ProfessionalCommunity Edition
Identifying supported HTTP methods with Burp Suite
-
Last updated: June 18, 2024
-
Read time: 4 Minutes
Due to misconfiguration, some websites support additional HTTP methods that may be useful to an attacker in a number of ways. These include:
- Enabling you to perform destructive actions like modifying sensitive data or uploading malicious files.
- Enabling you to bypass flawed access controls and other weak defenses.
- Disclosing additional information about the website and its infrastructure.
Websites may also ignore the method completely and respond in the same way even if you specify an arbitrary, non-standard method. This could enable you to bypass WAFs and weak input filters, as well as some defenses against cross-site attacks.
The most reliable approach for identifying supported HTTP methods is to send a request using each potential method to see how the server responds. Burp Intruder provides several ways to automate this time-consuming process.
Note
Although sending an OPTIONS
request sometimes causes the server to tell you which methods it supports, this information is often misleading or incomplete.
Before you start
Map the target website. For more information, see Mapping the target website with Burp Suite.

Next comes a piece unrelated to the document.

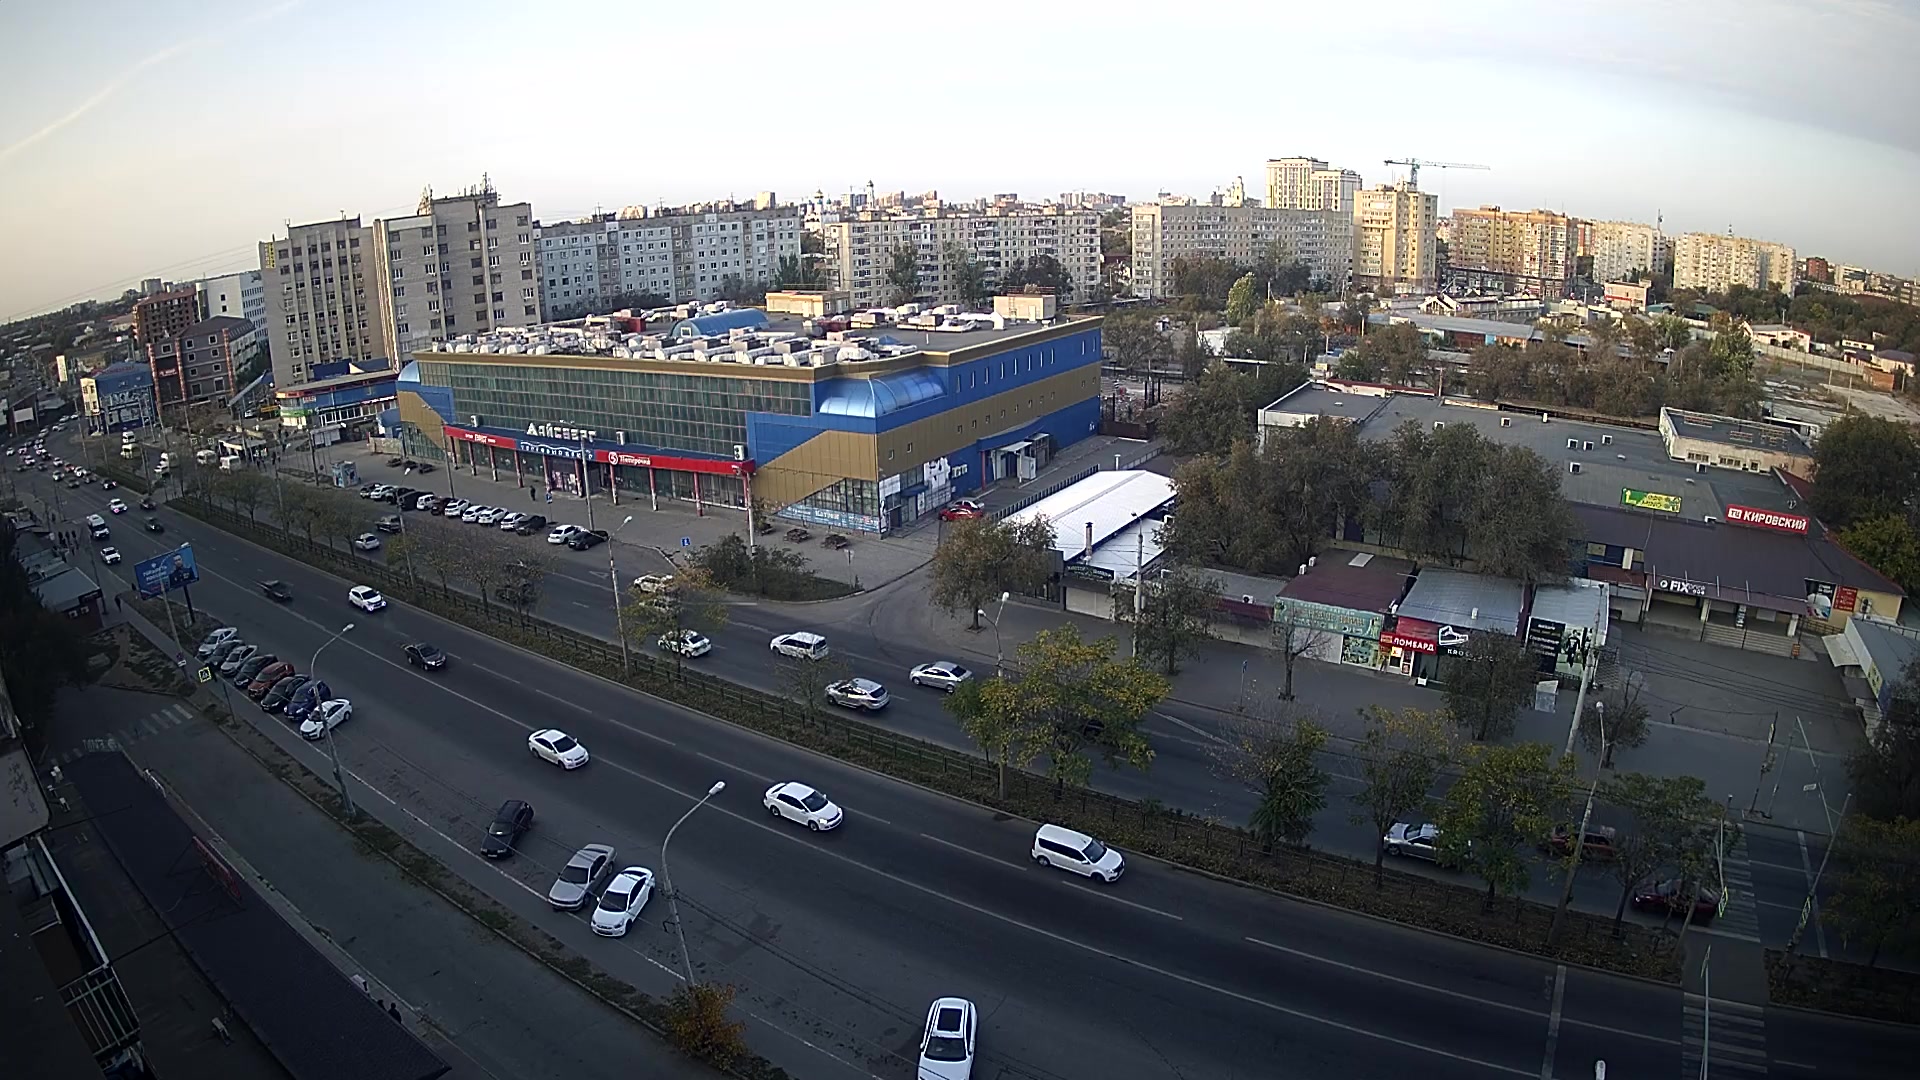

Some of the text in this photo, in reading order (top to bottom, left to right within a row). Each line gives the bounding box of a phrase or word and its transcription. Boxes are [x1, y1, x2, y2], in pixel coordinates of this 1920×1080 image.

[1744, 510, 1807, 531] КИРОВСКИЙ
[1670, 581, 1689, 593] FIX
[1393, 637, 1434, 651] ЛОМБАРД

Enumerating supported methods for a single endpoint
The simplest approach is to test a single endpoint. Supported methods are often fairly consistent across the website as they are usually the result of server-level configuration and the default configuration of back-end frameworks. That said, there may be some exceptions.
To enumerate supported methods on a single endpoint:
- Identify a relevant request. If you're testing the general configuration, use a
GET
request for the website's home page. - In the request, highlight the request method, then right-click the message and select Send to Intruder.
-
In Burp Intruder, go to the Positions tab. Notice that the request method has been automatically marked as a payload position.
- Go to the Payloads tab.
- Under Payload sets, select the payload type Simple list.
-
Under Payload settings, add a list of HTTP methods that you want to test:
- If you're using Burp Suite Professional, open the Add from list dropdown menu and select the built-in HTTP verbs wordlist.
-
If you're using Burp Suite Community Edition, manually add a list of HTTP methods. Make sure you also include an arbitrary, non-existent method like XYZ to see how the server responds.

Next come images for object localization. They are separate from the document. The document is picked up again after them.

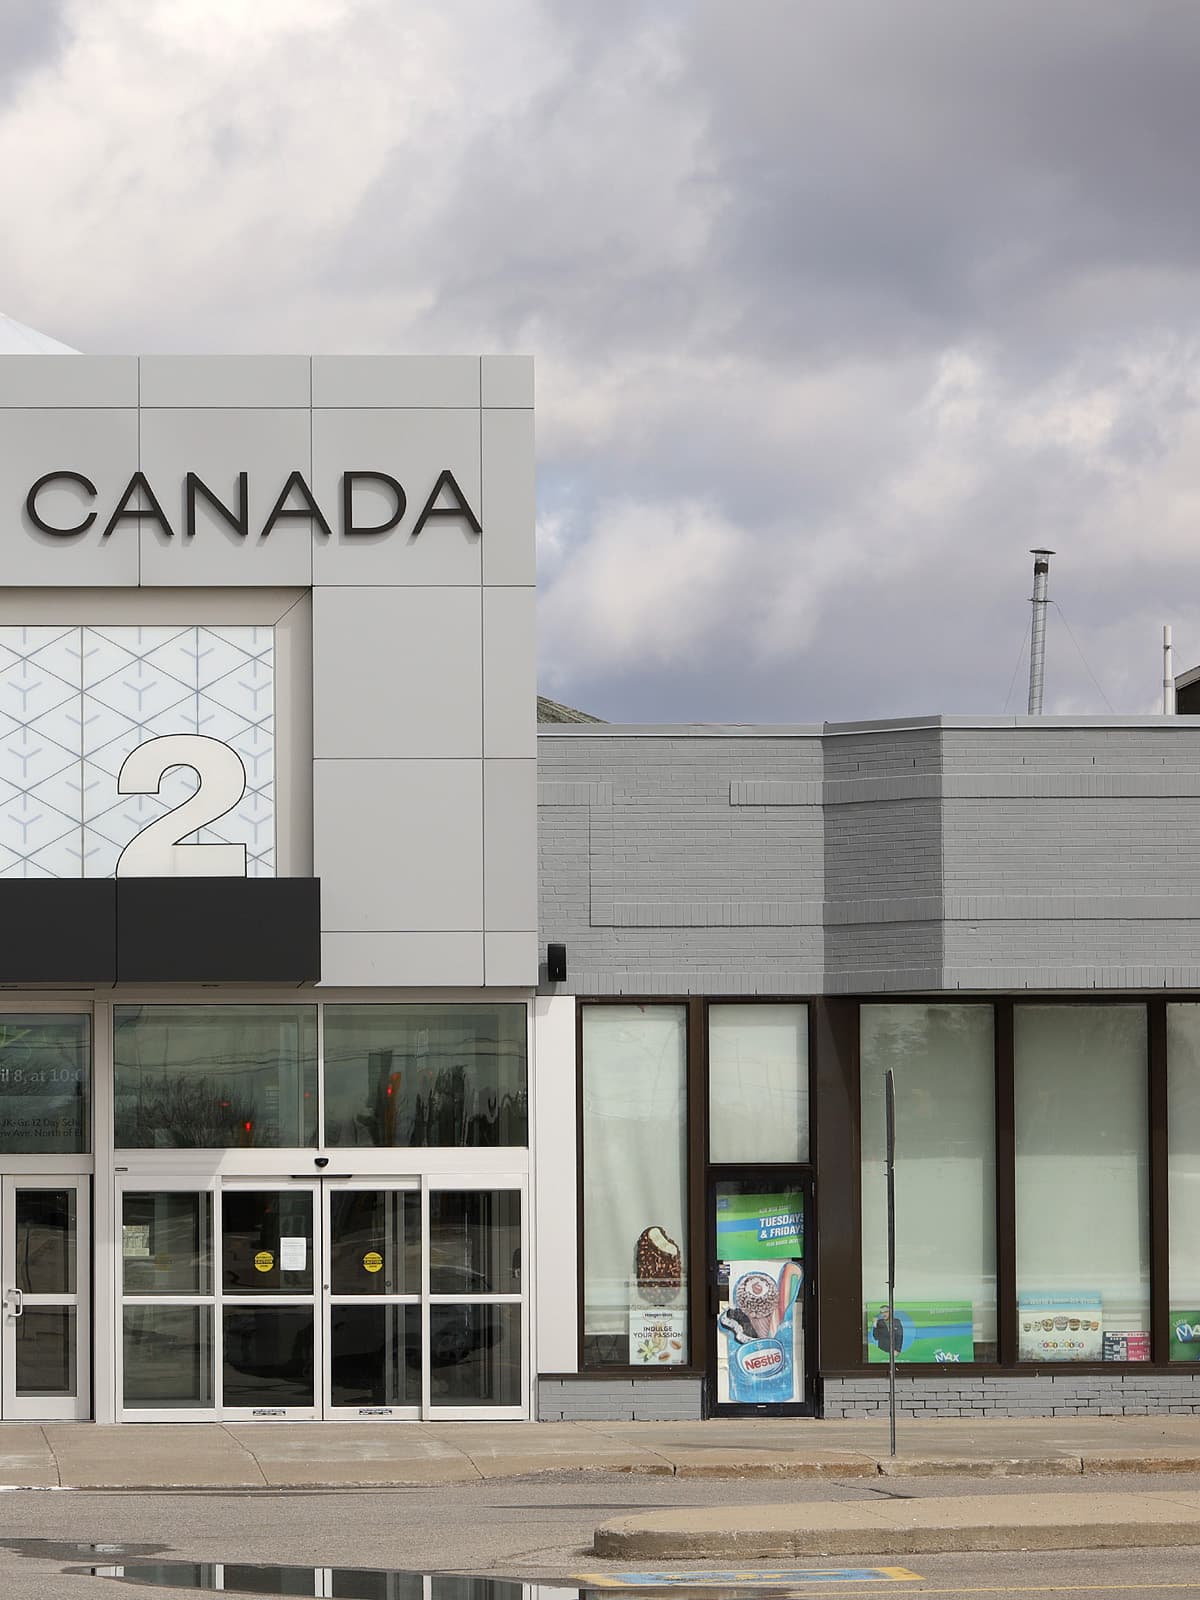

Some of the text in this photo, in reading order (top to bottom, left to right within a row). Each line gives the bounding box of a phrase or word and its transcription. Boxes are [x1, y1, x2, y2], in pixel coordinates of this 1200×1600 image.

[26, 469, 483, 537] CANADA
[116, 733, 248, 879] 2
[31, 1070, 47, 1082] at
[34, 1129, 60, 1137] North
[62, 1128, 73, 1137] of
[760, 1229, 768, 1239] &

- Click Start attack. The attack starts running in a new dialog.
- When the attack is finished, study the responses to look for any noteworthy behavior. Don't rely purely on the HTTP status code as this may be misleading.
Note
In Burp Suite Community Edition, the rate at which Burp Intruder sends requests is restricted, so your attack will take significantly longer to run.
Enumerating supported methods for multiple endpoints
You may encounter inconsistent behavior in response to the same methods on different parts of the site. This often occurs when websites are maintained by multiple teams of developers, who may configure their own custom request handling. You might also find that specific endpoints behave differently.
To enumerate supported methods for multiple endpoints at once in order to identify these inconsistencies:
- In Burp, go to the Target > Site map tab.
- From the site map, right-click on the host and select Copy URLs in this host.
- Send a GET request for the target host to Burp Intruder.
-
In Burp Intruder, go to the Positions tab and make the following settings:
- Under Choose an attack type, select Cluster bomb.
- Select the request method, then click Add § to mark this as a payload position.
- Select the request path, then click Add § to mark this as a second payload position.
- Go to the Payloads tab.
- Under Payload sets, select the payload type Simple list.
-
Under Payload settings, add a list of HTTP methods that you want to test:
- If you're using Burp Suite Professional, open the Add from list dropdown menu and select the built-in HTTP verbs wordlist.
- If you're using Burp Suite Community Edition, manually add a list of HTTP methods. Make sure you also include an arbitrary, non-existent method to see how the server responds.
-
Under Payload sets, use the dropdown menu to switch to payload set 2. Make the following settings:
- Under Payload settings, click Paste to paste the list of URLs you copied from the site map.
-
Under Payload processing rules, click Add. In the dialog that appears, create a Match/replace rule that replaces the scheme and hostname of your URLs with an empty string.
- Under Payload encoding, deselect the URL-encode these characters checkbox. This prevents the forward-slash characters in the path from being encoded.
- Click Start attack. The attack starts running in a new dialog. Burp Intruder sends a request using each of the specified methods to each of the endpoints you selected.
- When the attack is finished, study the responses to look for any noteworthy behavior. Don't rely purely on the HTTP status code as this may be misleading.
Note
In Burp Suite Community Edition, the rate at which Burp Intruder sends requests is restricted, so your attack will take significantly longer to run.